LE GROTTE DEL MONTESPAN

Uno degli ipogei di maggior interesse al mondo
LE GROTTE DEL MONTESPAN
Gli ambienti di grotta di Speleos si ispirano a uno degli ipogei di maggior interesse sia naturalistico che archeologico al mondo: le Grotte del Montespan.

Era il mattino del 19 agosto del 1922 e in piena, incosciente, solitudine Norbert Casteret effettuò una prima ricognizione della grotta. Coraggiosamente si immerse nel primo sifone, un primo tratto allagato, ignorandone l’ampiezza, a più di 50 metri dall’ingresso della grotta, e forte della sua notevole capacità respiratoria, lo percorse tutto affiorando nell’oscurità di un antro. 
Questa prima ricognizione  lo convinse a tornare nel pomeriggio più equipaggiato, con più candele e fiammiferi protetti dall’acqua. Superò il primo sifone sino ad una vasta sala con una piccola spiaggia e con flussi di aria fresca provenienti dall’alto.
Aveva percorso circa 180 metri dall’imbocco della grotta del Montespan, in piena solitudine, tra sconosciuti ambienti fatti di nere stalattiti gocciolanti, laghetti d’acqua scura, sabbia e rocce collassate.  Affrontò un nuovo sifone superato il quale si ritrovò in un ambiente ancora più vasto. Era a 300 metri dall’ingresso.

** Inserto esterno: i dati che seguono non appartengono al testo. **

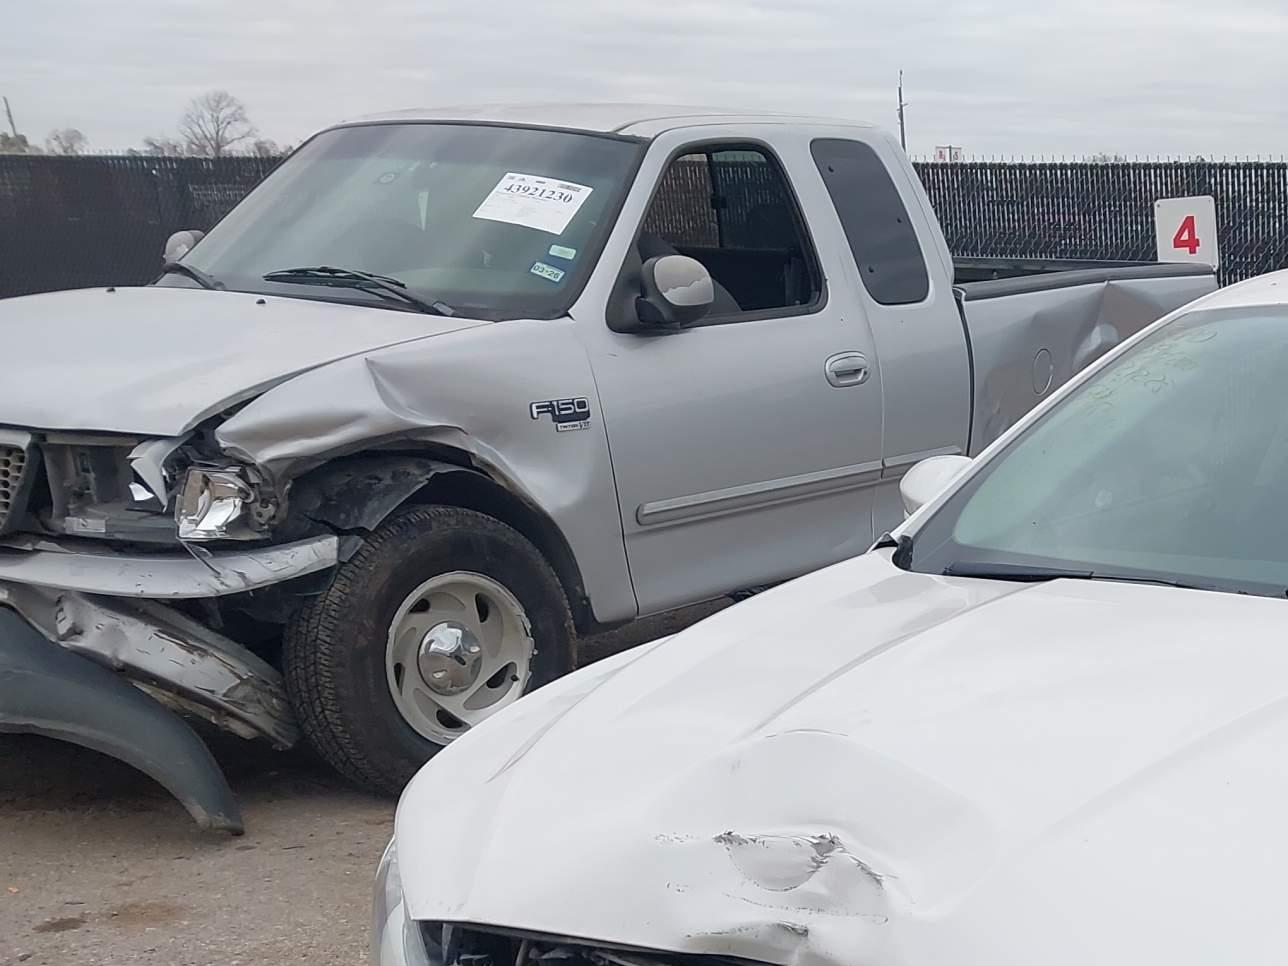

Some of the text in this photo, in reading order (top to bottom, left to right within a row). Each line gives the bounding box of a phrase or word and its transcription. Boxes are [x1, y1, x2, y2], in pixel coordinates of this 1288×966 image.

Ne esplorò gli anfratti, arrampicandosi con difficoltà su grossi massi che si frapponevano al suo percorso. Incontrò girini e rami marcescenti indici di acque fluenti. Si spinse ancora avanti mosso da quell’insondabile desiderio di scoperta, fino all’estremo delle sue energie. Dopo cinque ore tornò allo scoperto nel buio della notte.

Le scoperte nelle Grotte di Montespan

L’estate del 1923 vi ritornò con un altro speleologo, Henri Godin, e si spinsero oltre la meta raggiunta l’anno prima. Casteret aveva raccolto scarse prove di presenza umana, tra cui, un dente di “Bos primigeniussicuramente portato in quei luoghi da mano umana. Lo spirito di questa seconda esplorazione era fortemente orientato a trovarne conferma.
 
Nuove e più ampie sale vennero esplorate, ricche di concrezioni calcaree, distese di argilla, lastroni di pietra levigata e stagni di acqua gelata. Fu nell’ultimo ambiente che i due speleologi ebbero la conferma che quello spazio misterioso aveva, millenni prima, rappresentato un luogo sacro per gli uomini preistorici.
 
Una rozza figura d’argilla evocava un orso, con le zampe protese in avanti e tra queste i resti del suo cranio, il corpo scalfito da colpi propiziatori. Poi alla tremolante luce delle candele comparvero, graffiti o modellati in creta, tigri o leoni, cavalli, bisonti, renne, iene, mammuth oltre a segni magici ed impronte di mani comprese ditate nelle zone di scavo dell’argilla.